## PROBLEM DETAILS:
An exact copy of all the data is required, with pictures left out.

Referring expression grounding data
+ + + +
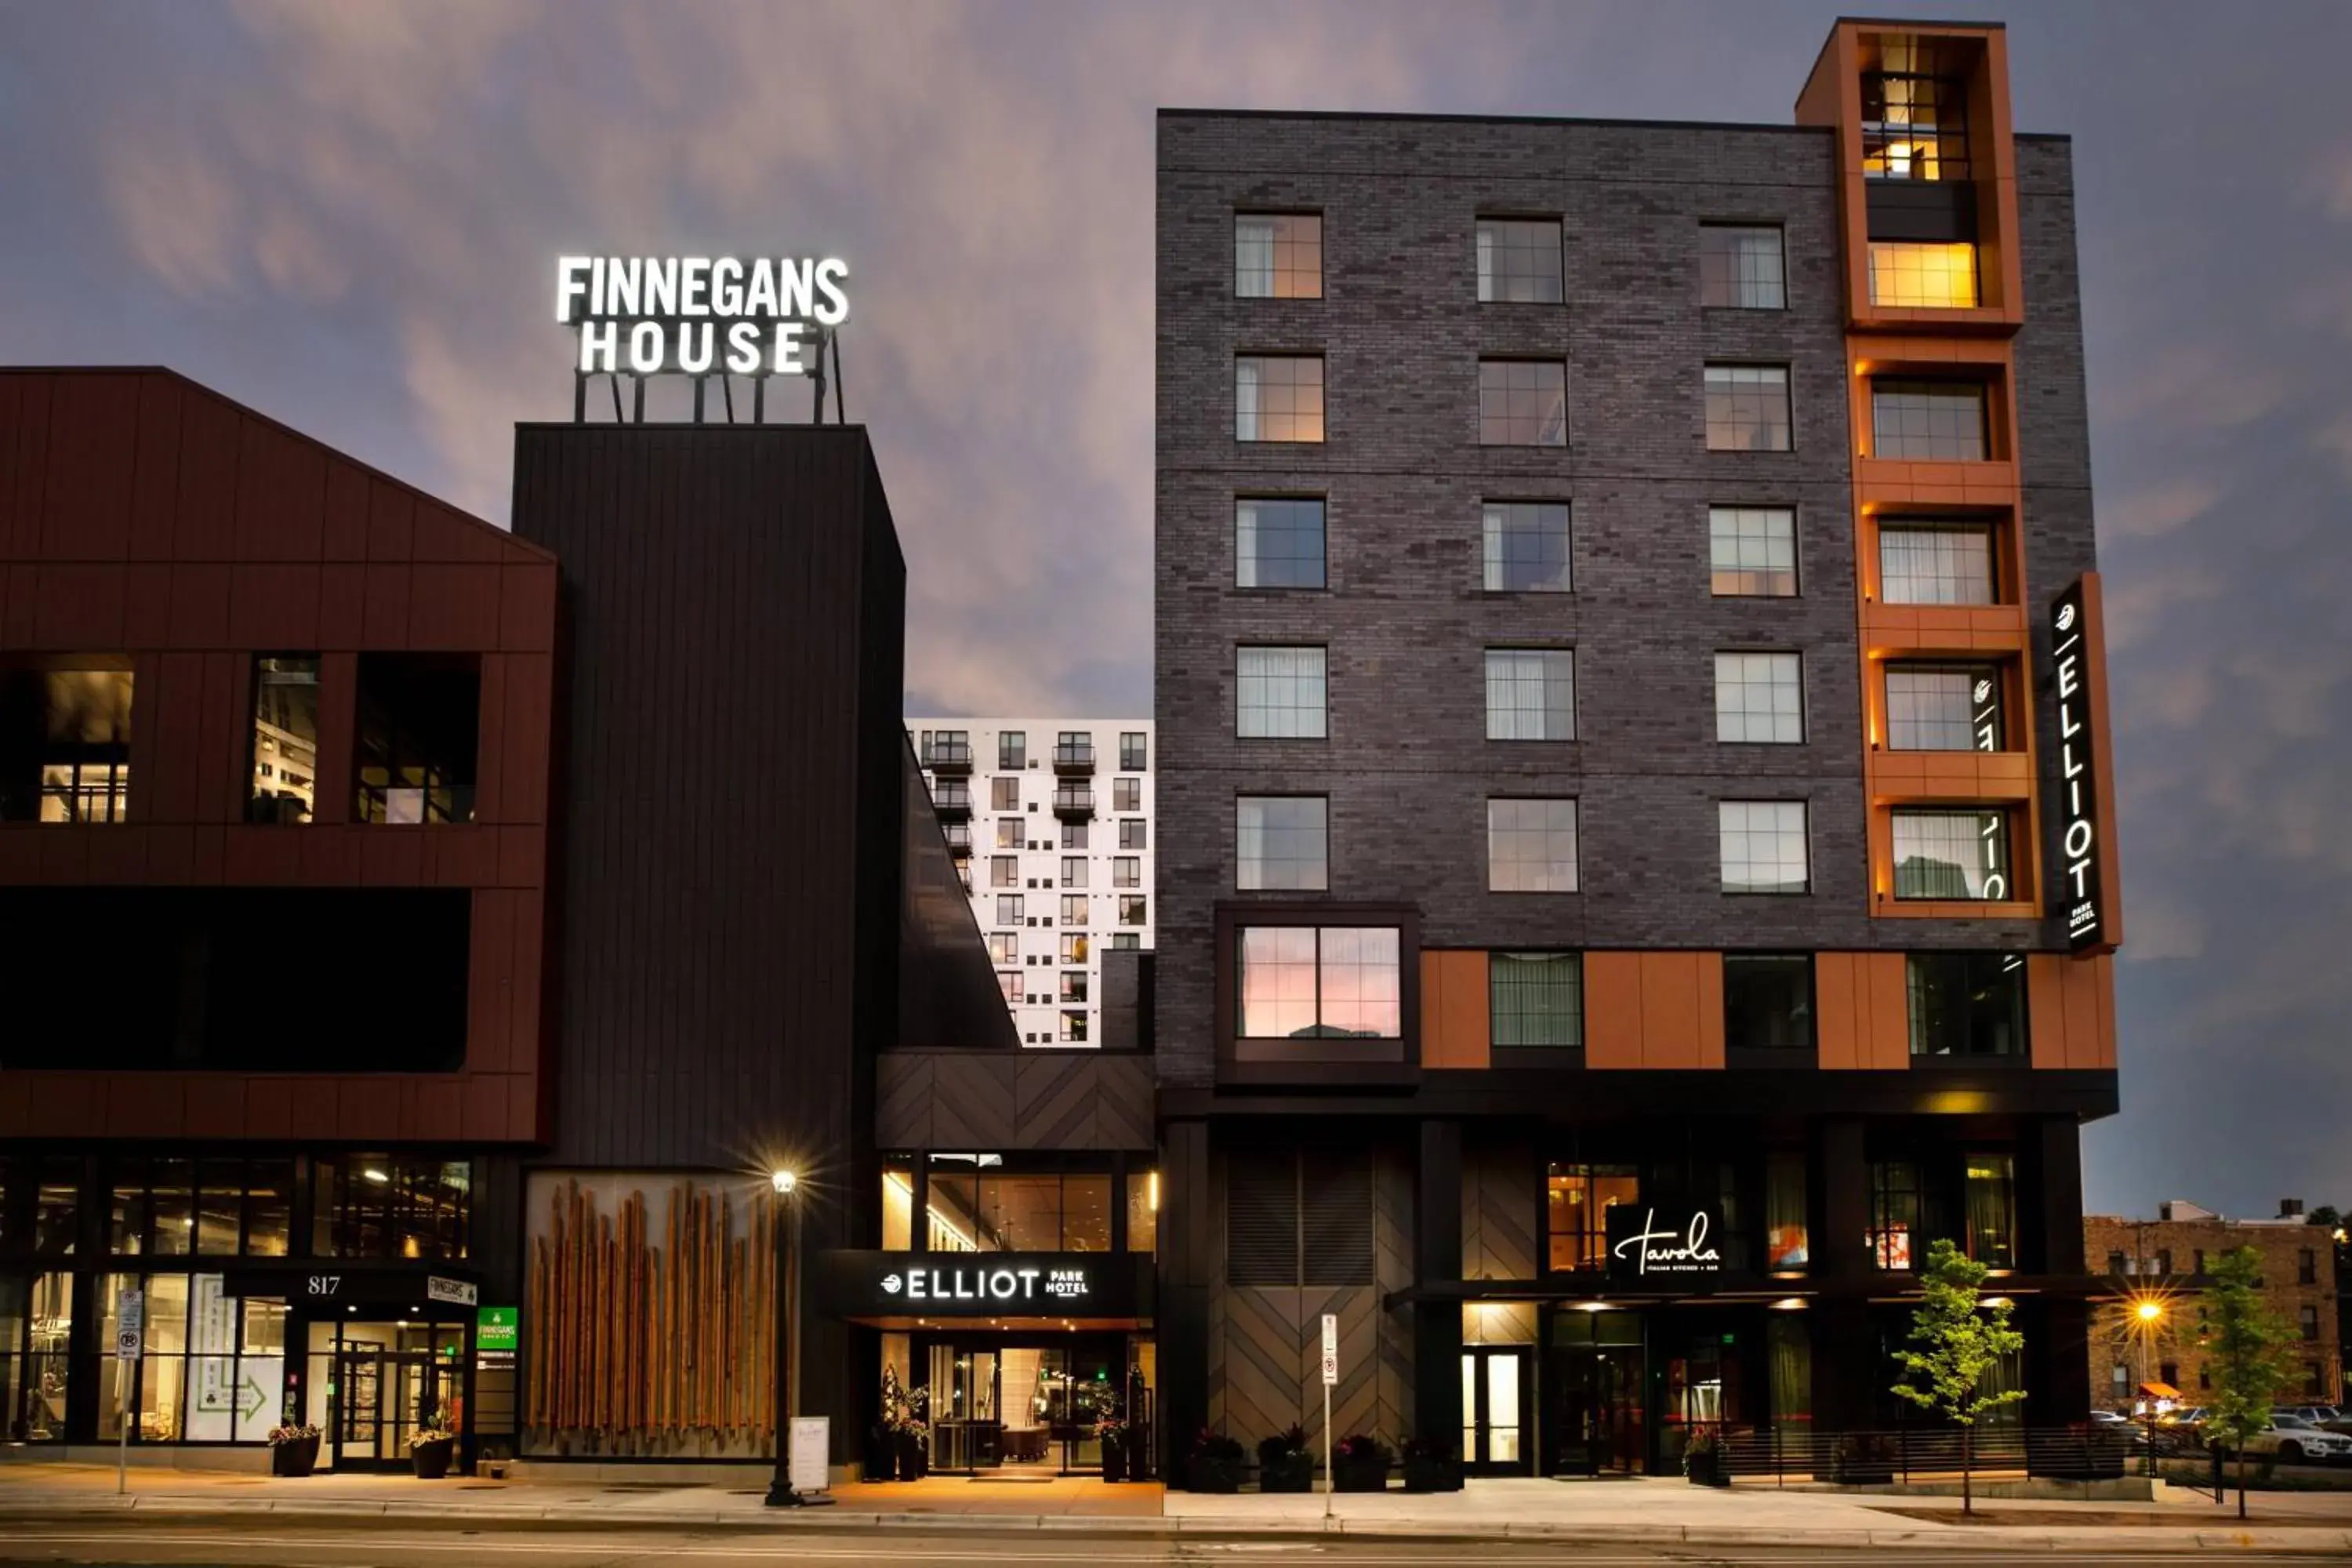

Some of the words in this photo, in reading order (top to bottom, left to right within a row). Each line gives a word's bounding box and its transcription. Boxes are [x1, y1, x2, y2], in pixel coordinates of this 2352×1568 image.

[557, 257, 849, 325] FINNEGANS
[580, 321, 804, 372] HOUSE
[2059, 655, 2092, 898] ELLIOT
[2070, 909, 2096, 927] HOTEL
[308, 1276, 340, 1294] 817
[907, 1269, 1040, 1299] ELLIOT
[1045, 1282, 1089, 1293] HOTEL
[1051, 1270, 1083, 1282] PARK
+ + + +
## EXERCISE SOLUTION:
Some of the words in this photo, in reading order (top to bottom, left to right within a row). Each line gives a word's bounding box and its transcription. Boxes are [x1, y1, x2, y2], in pixel coordinates of this 2352×1568 image.

[557, 257, 849, 325] FINNEGANS
[580, 321, 804, 372] HOUSE
[2059, 655, 2092, 898] ELLIOT
[2070, 909, 2096, 927] HOTEL
[308, 1276, 340, 1294] 817
[907, 1269, 1040, 1299] ELLIOT
[1045, 1282, 1089, 1293] HOTEL
[1051, 1270, 1083, 1282] PARK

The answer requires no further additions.